If one of your New Year's resolutions is to write more blog posts every week, you probably had the same sinking feeling I had when I made that resolution: "How in the world will I ever find time to do it?"
Here are seven shortcuts for when time is at a premium:
1. Answer frequently asked questions.
Every time someone emails a question about your product, service, industry or expertise, save the question and answer in a Word document. At the beginning of every month, open the document, cut and paste, and write a quick post about the frequently asked questions.
If you receive a lot of questions, you can group them by topic. Each topic can be a separate post. This is a perfect task for an assistant.
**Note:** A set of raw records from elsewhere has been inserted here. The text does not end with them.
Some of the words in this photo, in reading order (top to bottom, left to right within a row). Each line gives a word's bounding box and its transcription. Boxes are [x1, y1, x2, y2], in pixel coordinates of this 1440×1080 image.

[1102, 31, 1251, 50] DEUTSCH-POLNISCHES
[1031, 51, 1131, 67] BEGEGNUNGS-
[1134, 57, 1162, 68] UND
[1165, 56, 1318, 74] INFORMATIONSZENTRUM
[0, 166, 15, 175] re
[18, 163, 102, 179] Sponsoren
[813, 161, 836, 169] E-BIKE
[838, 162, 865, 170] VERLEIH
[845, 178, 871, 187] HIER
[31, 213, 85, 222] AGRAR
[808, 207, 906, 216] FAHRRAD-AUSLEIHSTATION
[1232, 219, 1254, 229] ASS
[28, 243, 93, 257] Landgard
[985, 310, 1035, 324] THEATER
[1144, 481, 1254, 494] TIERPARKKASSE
2. List must-read articles on a topic.
If you have Google Alerts, you regularly get a lot of helpful articles in your inbox. If you're on Twitter, Facebook or LinkedIn and frequently click on links to articles others share, you might feel like you're drinking all that great content from a fire hose.
Create another Word document of articles you find particularly helpful. When you add one to the list, note what you found particularly helpful. When you compile a dozen or so links, write a post.
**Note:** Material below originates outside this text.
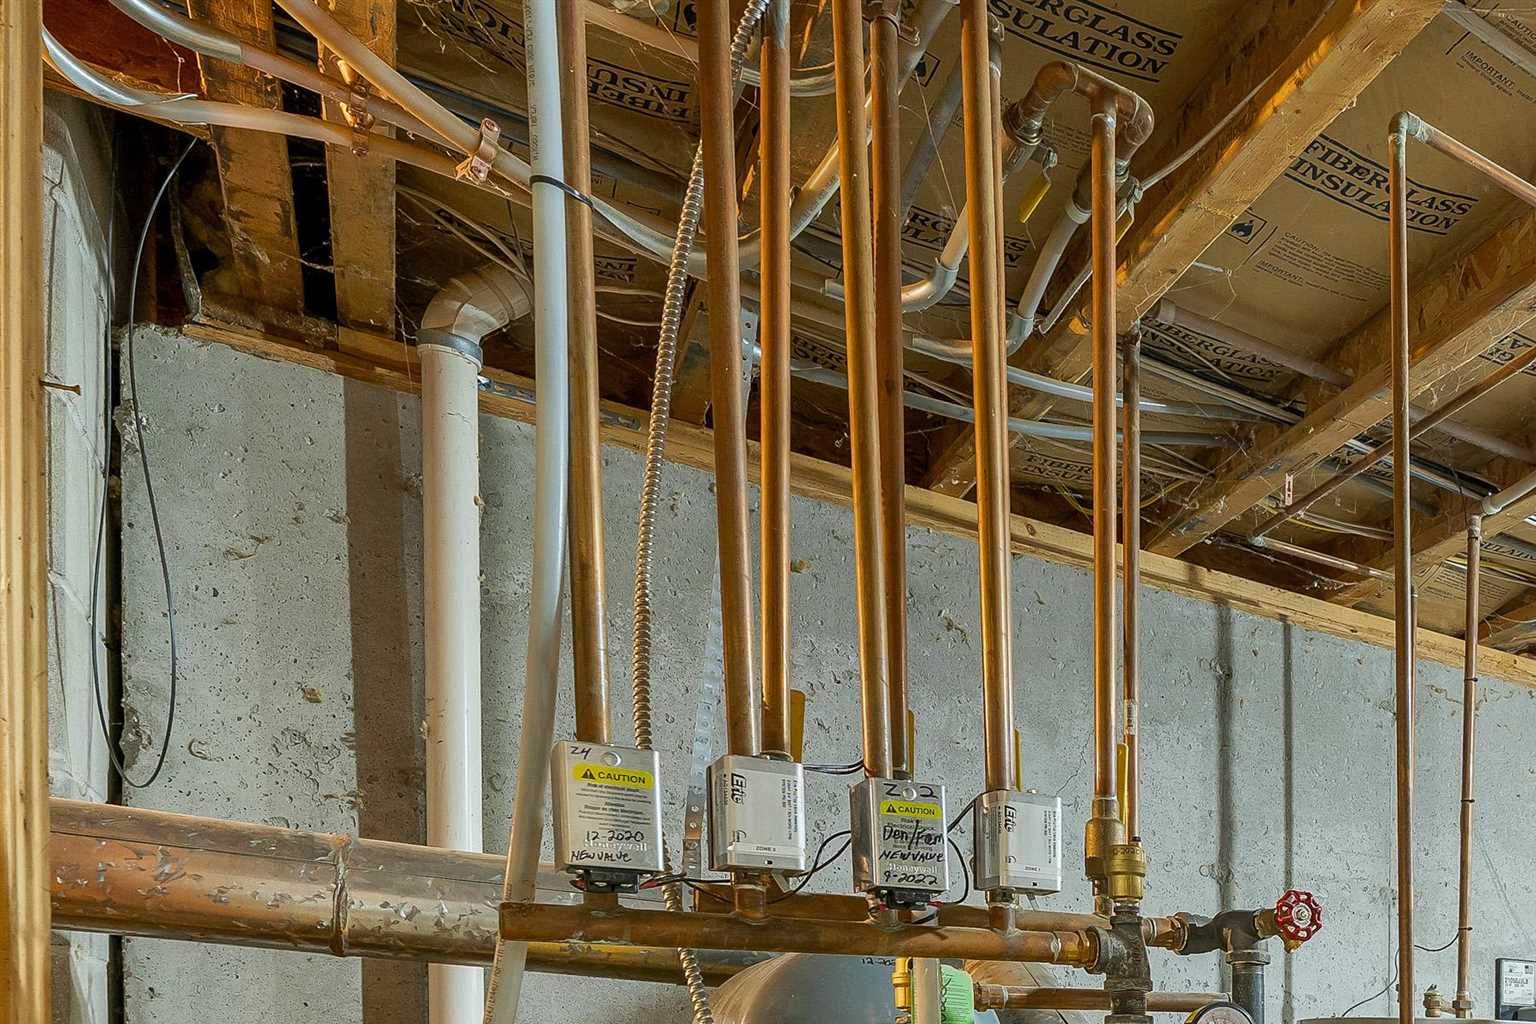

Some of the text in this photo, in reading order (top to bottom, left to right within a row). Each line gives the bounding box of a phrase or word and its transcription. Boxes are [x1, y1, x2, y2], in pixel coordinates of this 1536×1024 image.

[598, 771, 646, 785] CAUTION
[920, 786, 940, 799] 2
[898, 806, 935, 816] CAUTION
3. Transcribe a short phone interview with an expert.
One of my other resolutions is to call people I meet via social media, record short phone interviews about their areas of expertise, outsource the transcriptions, and use them as blog posts.
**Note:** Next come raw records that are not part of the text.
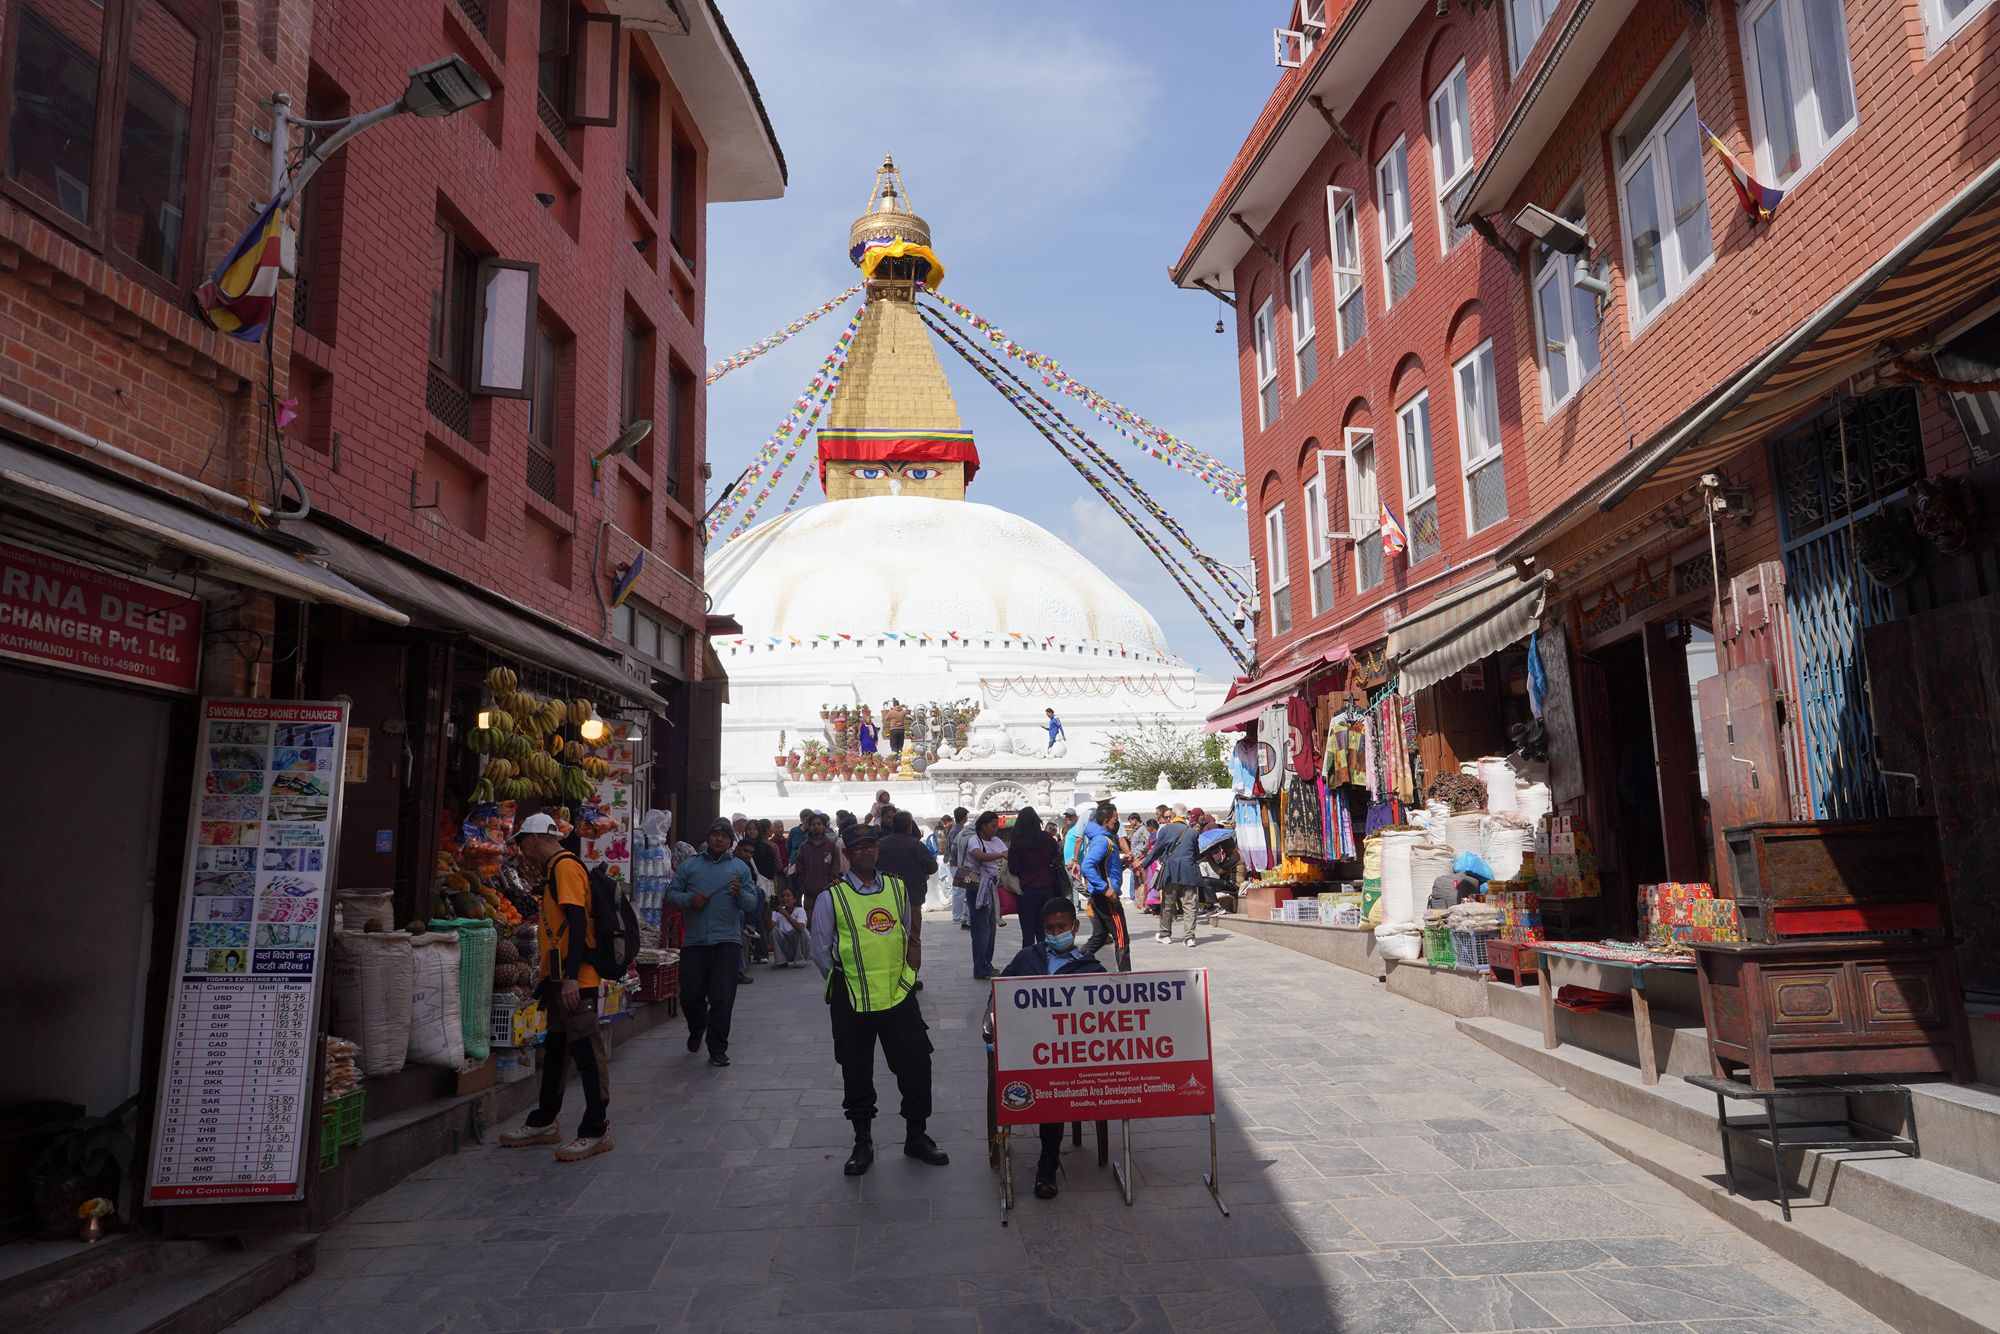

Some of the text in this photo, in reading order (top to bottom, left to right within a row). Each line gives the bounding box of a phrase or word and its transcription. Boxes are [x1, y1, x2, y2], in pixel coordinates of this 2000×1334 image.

[0, 551, 37, 565] orization
[101, 593, 187, 638] DEEP
[0, 603, 180, 663] CHANGER Pvt. Ltd.
[0, 633, 73, 658] KATHMANDU
[82, 651, 100, 664] Tel:
[103, 656, 155, 675] 01-4590710
[209, 707, 338, 720] SWORNA DEEP MONEY CHANGER
[272, 951, 295, 959] विदेशी
[1014, 981, 1185, 1009] ONLY TOURIST
[1052, 1009, 1150, 1035] TICKET
[1033, 1036, 1174, 1065] CHECKING
[1036, 1083, 1175, 1099] Shree Boudhanath Area Development Committee
[1099, 1098, 1142, 1106] Kathmandu-6
Do you want three blog posts from one conversation? Do a short interview on three topics during the same call. Each topic gets a blog post.
When you create the posts, let the experts know and ask them to share the link.
4. Explain industry definitions.
While updating my eBook, "How to be a Kick-butt Publicity Hound," I added to the long list of PR and social media definitions in the back of the book. Then it hit me. I could divide the list into separate blog posts by topic. (This is another great task for an assistant.) If you don't have your own ready-made list, you can create one simply by conducting a Google search.
5. Reveal the most valuable tool, trick, or tip you learned that day.
Maybe you learned about a free tool, like FreeDigitalPhotos.net, where you can download free stock photos. Or maybe you recently discovered an expert on Twitter and started following him or her. Or perhaps you learned a trick to encourage more people to comment on your status updates.
At the end of the day, write a short post about your tips-two or three paragraphs are fine-or compile the tips from each week into a blog post every Friday.
6. Share your favorite tweets from the week.
Every Friday my assistant compiles a list of my 10 most helpful tweets from the week and turns them into a post for my blog readers who might not be following me on Twitter. I'm amazed at the number of people who retweet the list. You can see some of my recent tweets here.
7. Talk about your next event.
This is the area where I need the most improvement. Even though I blog regularly about the events I sponsor, like webinars, I frequently forget to let my readers know about other people's webinars where I'll appear as a guest. Update your readers about your book signings, tweet chats, Meetups, industry meetings, networking events, trade shows, radio or TV show appearances, podcast appearances, etc.